Case Study

Lightweight Titanium Upper Control Arm for High-Performance Off-Road Suspension

Overview

Fundamental Motorsports and Howco Additive partnered to redesign and manufacture a next-generation upper control arm for a modified Ford Raptor—a platform known for aggressive desert racing and extreme suspension demands. Their goal: reduce weight significantly while maintaining or improving structural performance under harsh off-road loads.

Using Ti-6Al-4V and Laser Powder Bed Fusion (LPBF), the team produced a fully optimized, generative-designed control arm that outperforms the OEM steel version while cutting mass by over 60%.

The Problem with the OEM Steel Control Arm

Traditional stamped or forged steel control arms are built for mass-market manufacturing rather than high-end racing performance. On the Fundamental Motorsports platform, the OEM arm carried excessive unsprung weight, relied on fixed geometry that limited suspension tuning, and used bulky cross-sections that offered no opportunity for structural refinement. Because conventional manufacturing cannot create internal complexity—such as hollow sections or load-path-aligned reinforcements—the part’s strength-to-weight ratio was fundamentally capped. In desert-racing environments, where jumps, impacts, and rapid chassis inputs dominate the vehicle’s behavior, reducing unsprung mass becomes one of the highest-value performance upgrades available.

Why Additive Manufacturing Was the Correct Choice

This constraint made the control arm an ideal candidate for metal additive manufacturing, which removes many geometric limitations. LPBF (Laser Powder Bed Fusion) enabled true topology optimization, resulting in organic, load-path-aligned structures tailored specifically to real suspension forces. The switch to Ti-6Al-4V delivered superior fatigue resistance and corrosion performance, while the ability to print complex hollow geometries slashed mass without compromising strength. Free from the rules of stamping or forging, the engineering team could finally reimagine the control arm from the ground up, designing purely for performance rather than manufacturability.

Engineering the New Geometry

The redesign began with gathering real-world load cases—braking, cornering, landing, and rough-terrain impacts—followed by detailed FEA to locate stress concentrations. Guided by these results, the final geometry incorporated load-aligned ribs, thin optimized walls, and strategically thickened regions only where required. Hollow interior channels removed dead weight while maintaining stiffness, and a precision-printed bearing boss enabled tight-tolerance post-machining.
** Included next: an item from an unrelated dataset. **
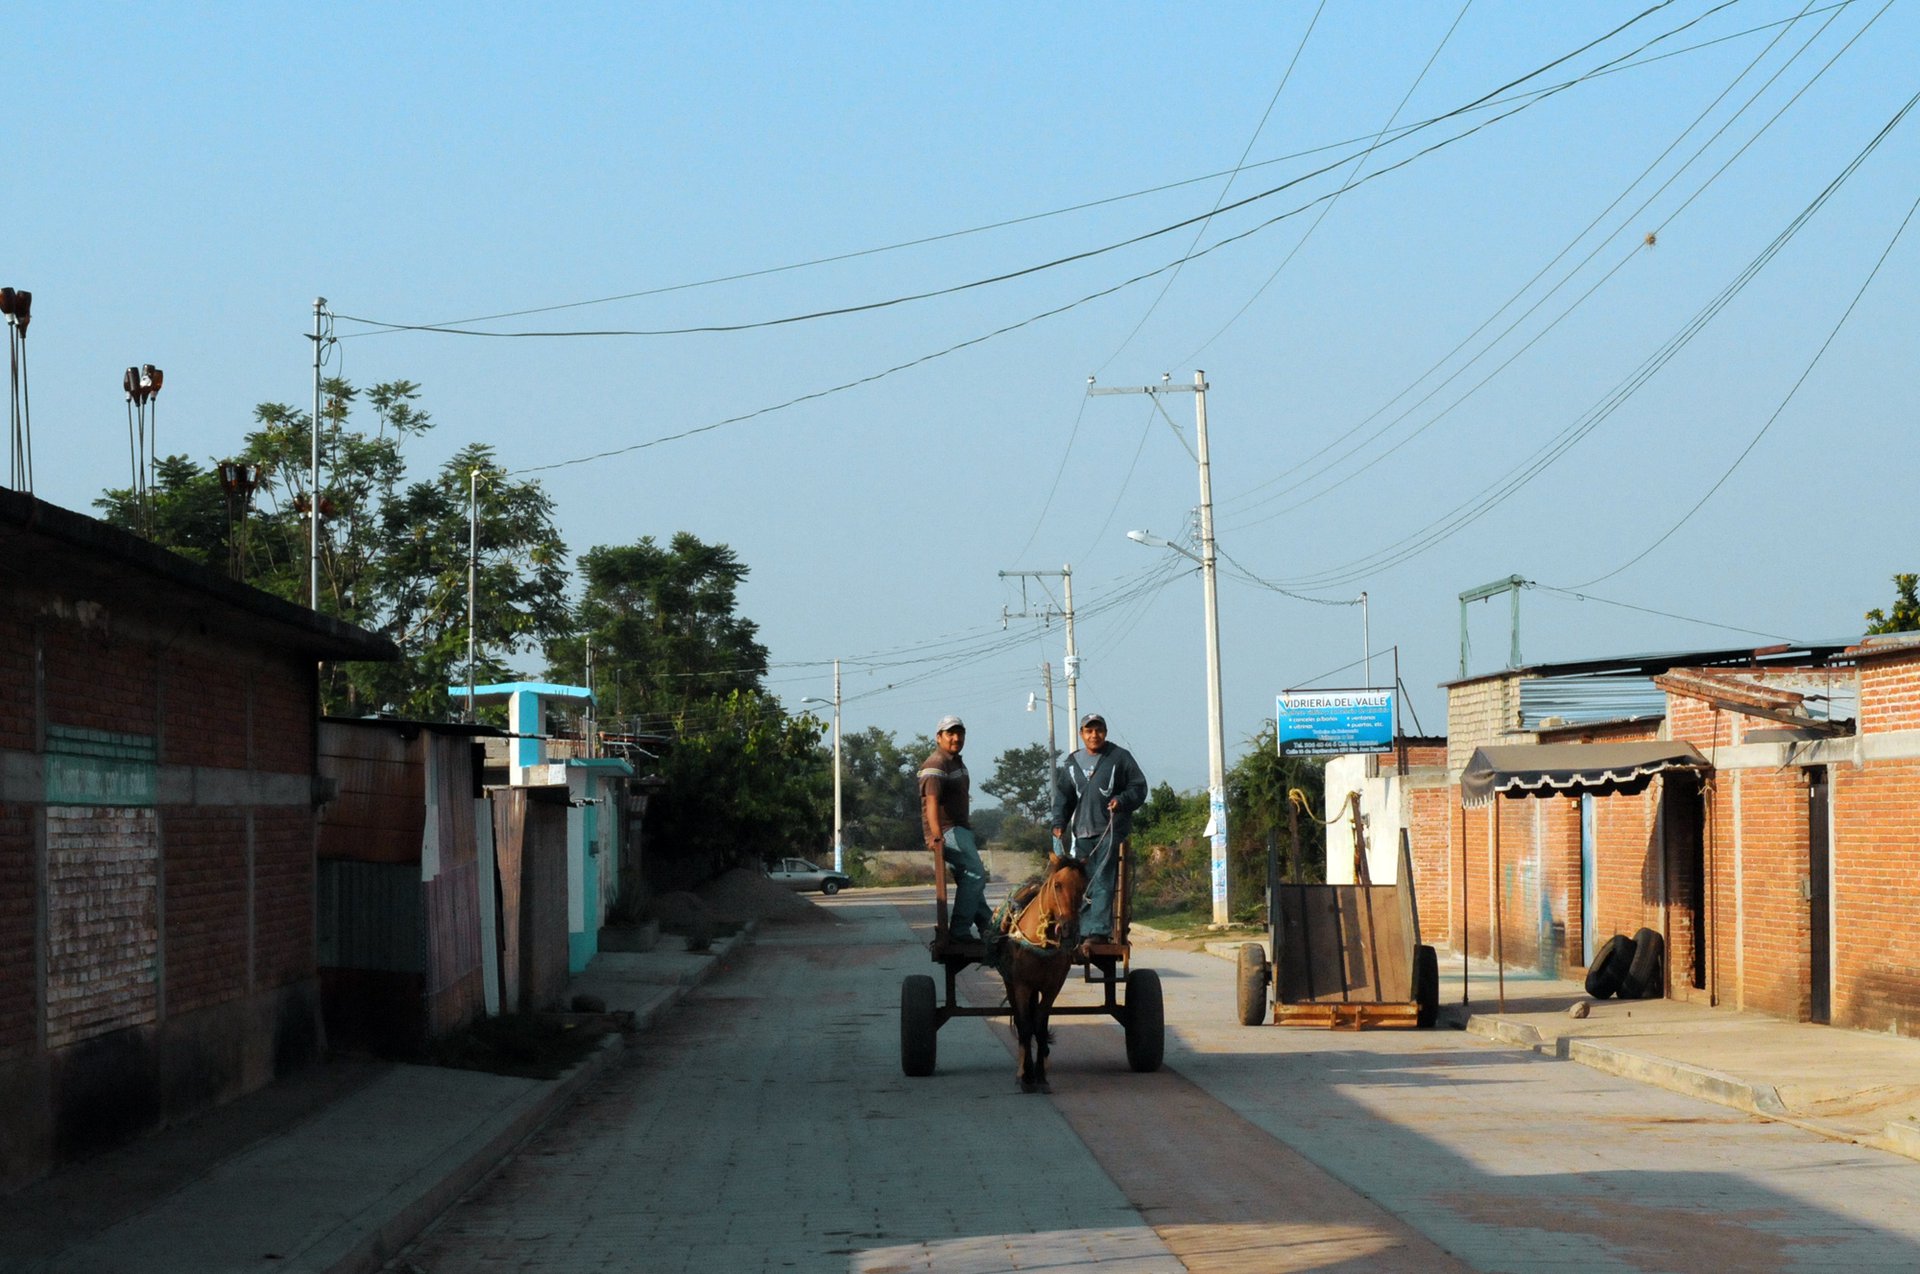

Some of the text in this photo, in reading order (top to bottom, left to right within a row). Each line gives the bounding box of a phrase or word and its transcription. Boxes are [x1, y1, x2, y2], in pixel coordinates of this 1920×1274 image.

[1284, 697, 1386, 708] VIDRIERÍA DEL VALLE
The resulting geometry significantly improved suspension responsiveness, stiffness, and durability without exceeding packaging or mass targets.

Material & Manufacturing

The part was produced in Ti-6Al-4V Grade 23, chosen for its exceptional strength-to-weight ratio, fatigue strength, and compatibility with post-print heat treatment—all essential for a structural suspension component operating in corrosive, high-impact racing environments. Using a multi-laser Nikon SLM platform, engineers optimized layer thickness and build orientation for fatigue-critical regions, minimized support structures through internal geometry refinement, and performed precision CNC machining on bearing bores and interface surfaces. The final result was a full-density, high-accuracy titanium control arm ready for demanding motorsports use.
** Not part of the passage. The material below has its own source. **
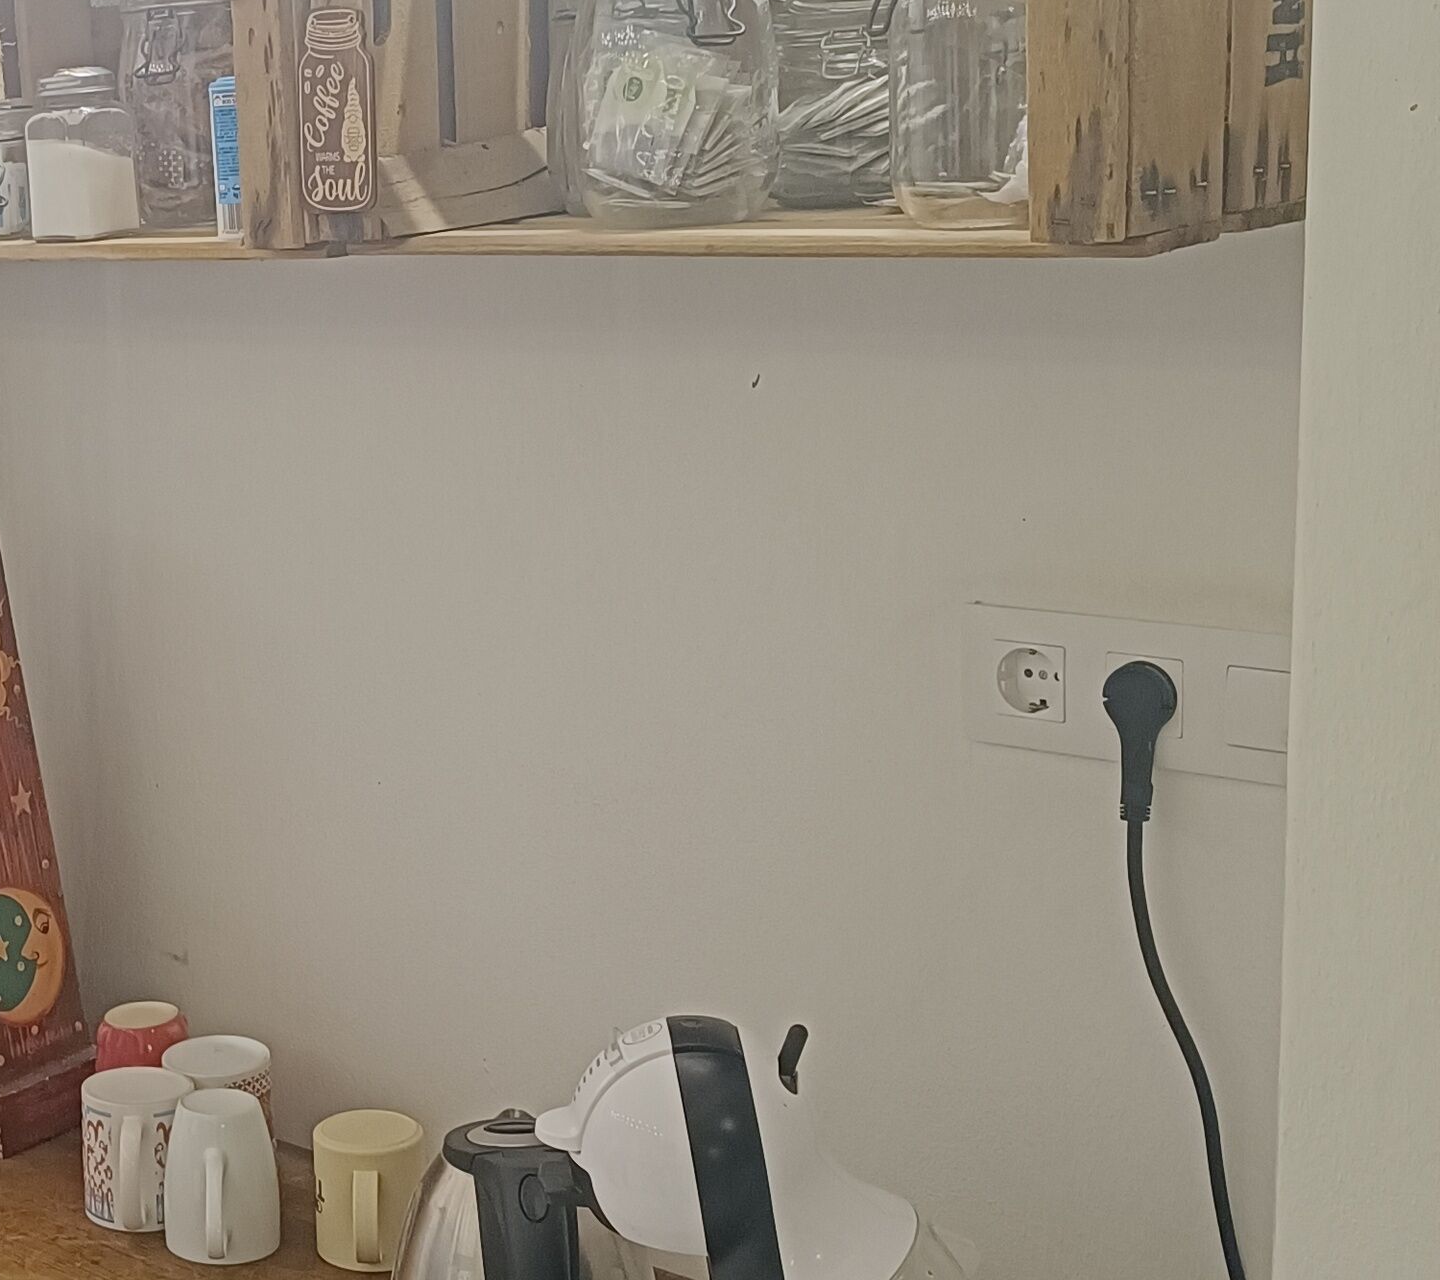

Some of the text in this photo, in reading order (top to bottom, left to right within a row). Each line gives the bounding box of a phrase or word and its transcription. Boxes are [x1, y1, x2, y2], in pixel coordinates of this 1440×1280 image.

Results & Real-World Impact

The most dramatic improvement came from weight reduction: compared to the OEM steel component, the AM titanium arm came in over 60% lighter. This decrease in unsprung mass produced immediate gains in suspension response, damping efficiency, traction, and high-speed steering precision. Structural validation through FEA and testing confirmed equal or greater stiffness than the OEM arm, with better load distribution and significantly enhanced fatigue life under harsh off-road conditions. In real racing environments, the Fundamental Motorsports team saw improvements in suspension feel, reduced shock heat-soak, and greater durability through rough terrain and jump landings. The lighter, stiffer design contributed directly to improved competitiveness.

Conclusion

This project demonstrates how metal additive manufacturing can outperform traditional manufacturing methods in the most demanding automotive applications. By combining topology optimization, titanium LPBF, and advanced post-processing, Howco Additive and Fundamental Motorsports produced a control arm that is stronger, lighter, and purpose-built for racing performance. It stands as a clear example of how AM unlocks design freedom, performance gains, and structural efficiency that simply cannot be achieved through forging, stamping, or machining.